Stored entries
↓

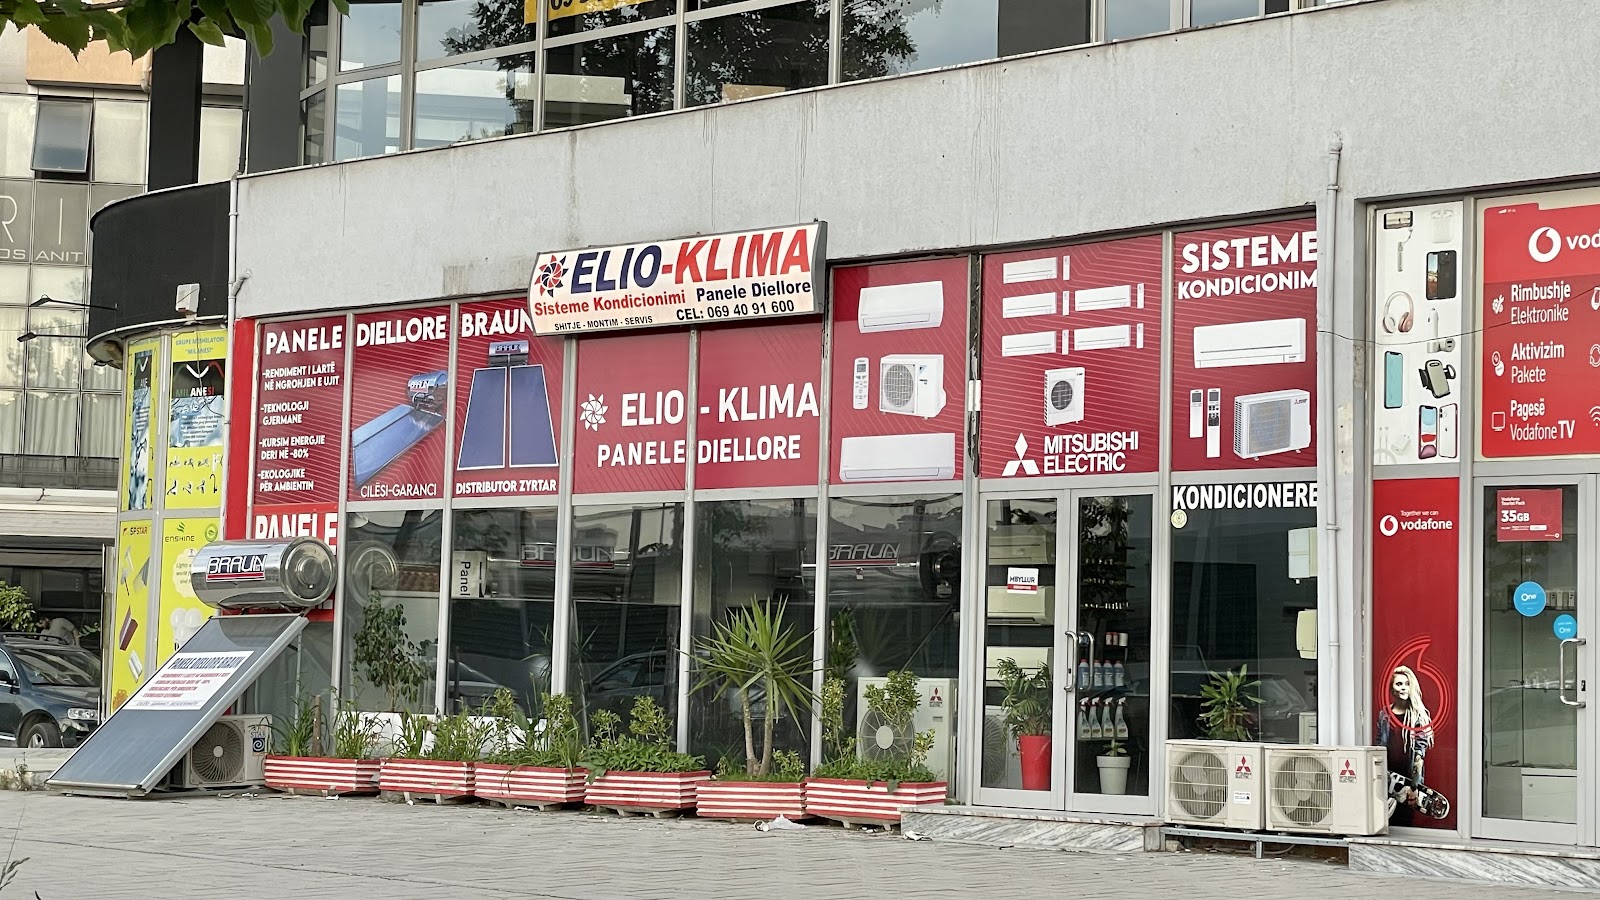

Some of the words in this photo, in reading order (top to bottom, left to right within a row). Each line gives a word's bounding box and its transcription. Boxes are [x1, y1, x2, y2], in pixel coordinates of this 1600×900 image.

[1566, 228, 1600, 250] vod
[570, 228, 811, 294] ELIO-KLIMA
[1181, 231, 1317, 274] SISTEME
[1178, 269, 1317, 300] KONDICIONIM
[1511, 280, 1571, 302] Rimbushje
[534, 301, 589, 317] Sisteme
[594, 290, 686, 311] Kondicionimi
[696, 284, 747, 303] Panele
[752, 280, 811, 297] Diellore
[676, 307, 704, 321] CEL:
[707, 305, 729, 319] 069
[733, 303, 748, 316] 40
[752, 302, 767, 315] 91
[771, 299, 795, 314] 600
[1511, 304, 1570, 325] Elektronike
[265, 325, 343, 355] PANELE
[356, 315, 447, 347] DIELLORE
[461, 308, 534, 338] BRAUN
[554, 320, 581, 331] SHITJE
[587, 318, 618, 329] MONTIM
[625, 315, 653, 326] SERVIS
[1511, 341, 1565, 361] Aktivizim
[275, 377, 316, 390] NGROHJEN
[317, 377, 322, 387] E
[324, 375, 340, 386] UJIT
[1511, 365, 1547, 384] Pakete
[621, 389, 685, 427] ELIO
[718, 382, 819, 423] KLIMA
[1510, 398, 1546, 421] Pagesë
[262, 414, 302, 425] GJERMANE
[291, 434, 326, 446] ENERGJIE
[1044, 431, 1139, 454] MITSUBISHI
[261, 449, 277, 460] DERI
[279, 447, 289, 459] NË
[290, 448, 309, 459] -80%
[597, 440, 686, 468] PANELE
[698, 435, 801, 464] DIELLORE
[1044, 452, 1126, 475] ELECTRIC
[259, 480, 273, 492] PËR
[274, 481, 314, 491] AMBIENTIN
[360, 482, 437, 498] CILËSI-GARANCI
[456, 481, 517, 495] DISTRIBUTOR
[519, 479, 557, 492] ZYRTAR
[1172, 483, 1317, 510] KONDICIONERE
[1400, 518, 1453, 530] vodafone
[207, 554, 267, 574] BRAUN
[460, 561, 470, 596] Panel
[1521, 593, 1537, 602] One
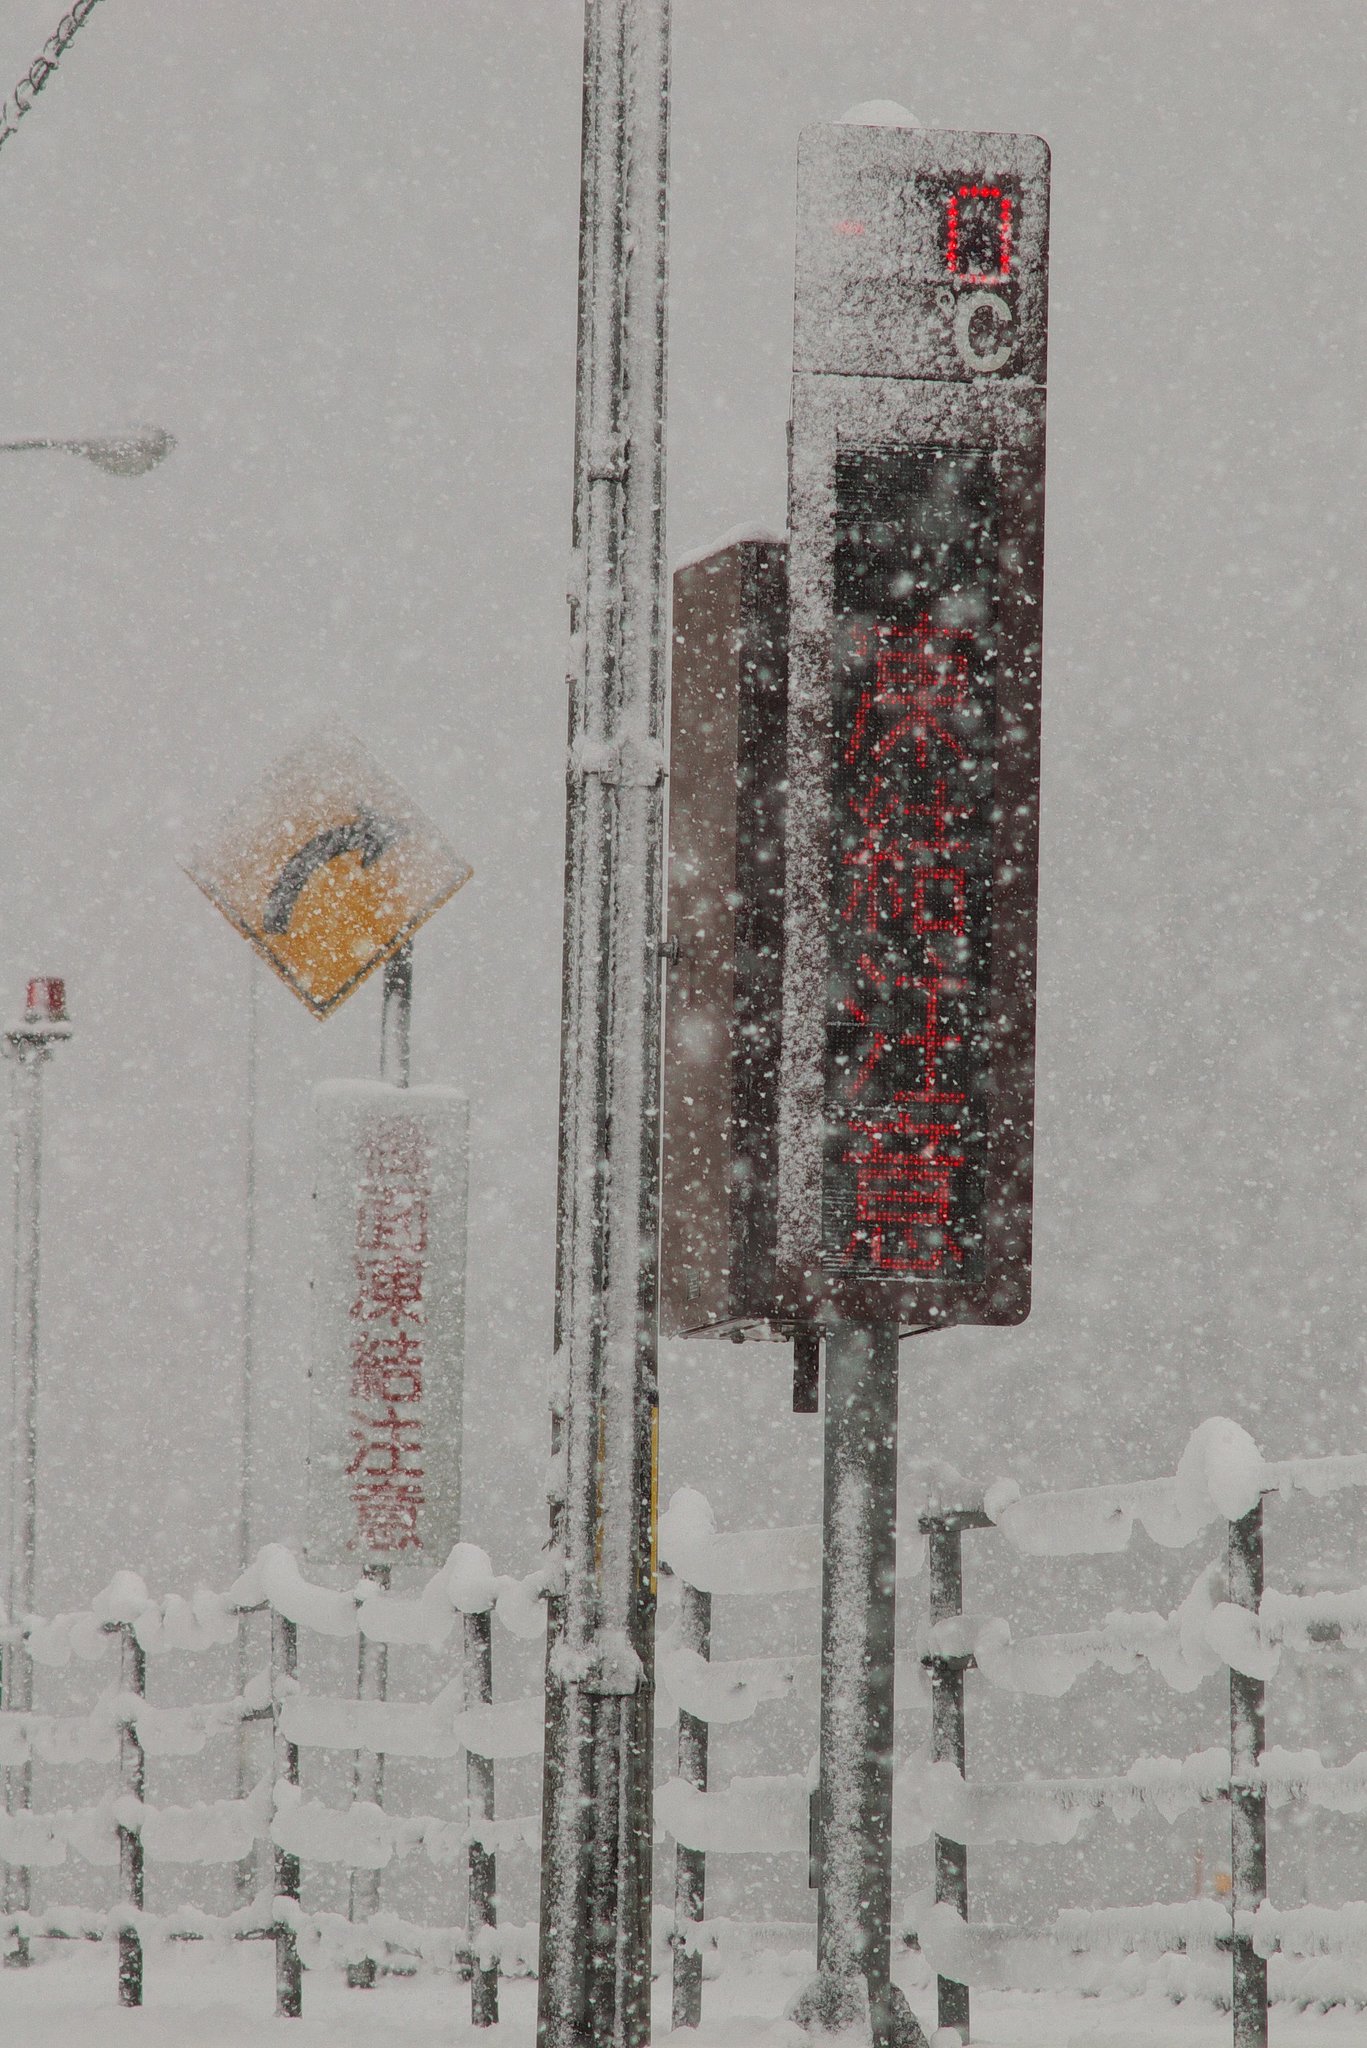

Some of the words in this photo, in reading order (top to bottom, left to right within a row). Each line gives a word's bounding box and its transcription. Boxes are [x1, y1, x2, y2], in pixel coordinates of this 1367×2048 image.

[841, 611, 977, 1271] 凍結注意
[346, 1114, 431, 1551] 面凍結注意

↑

◆ Task prompt ◆
Would you reproduce, word for word, the lines from the one holding "this 1367×2048 image." through the final line of the entries, both included?

◆ Answer to this problem ◆
Some of the words in this photo, in reading order (top to bottom, left to right within a row). Each line gives a word's bounding box and its transcription. Boxes are [x1, y1, x2, y2], in pixel coordinates of this 1367×2048 image.

[841, 611, 977, 1271] 凍結注意
[346, 1114, 431, 1551] 面凍結注意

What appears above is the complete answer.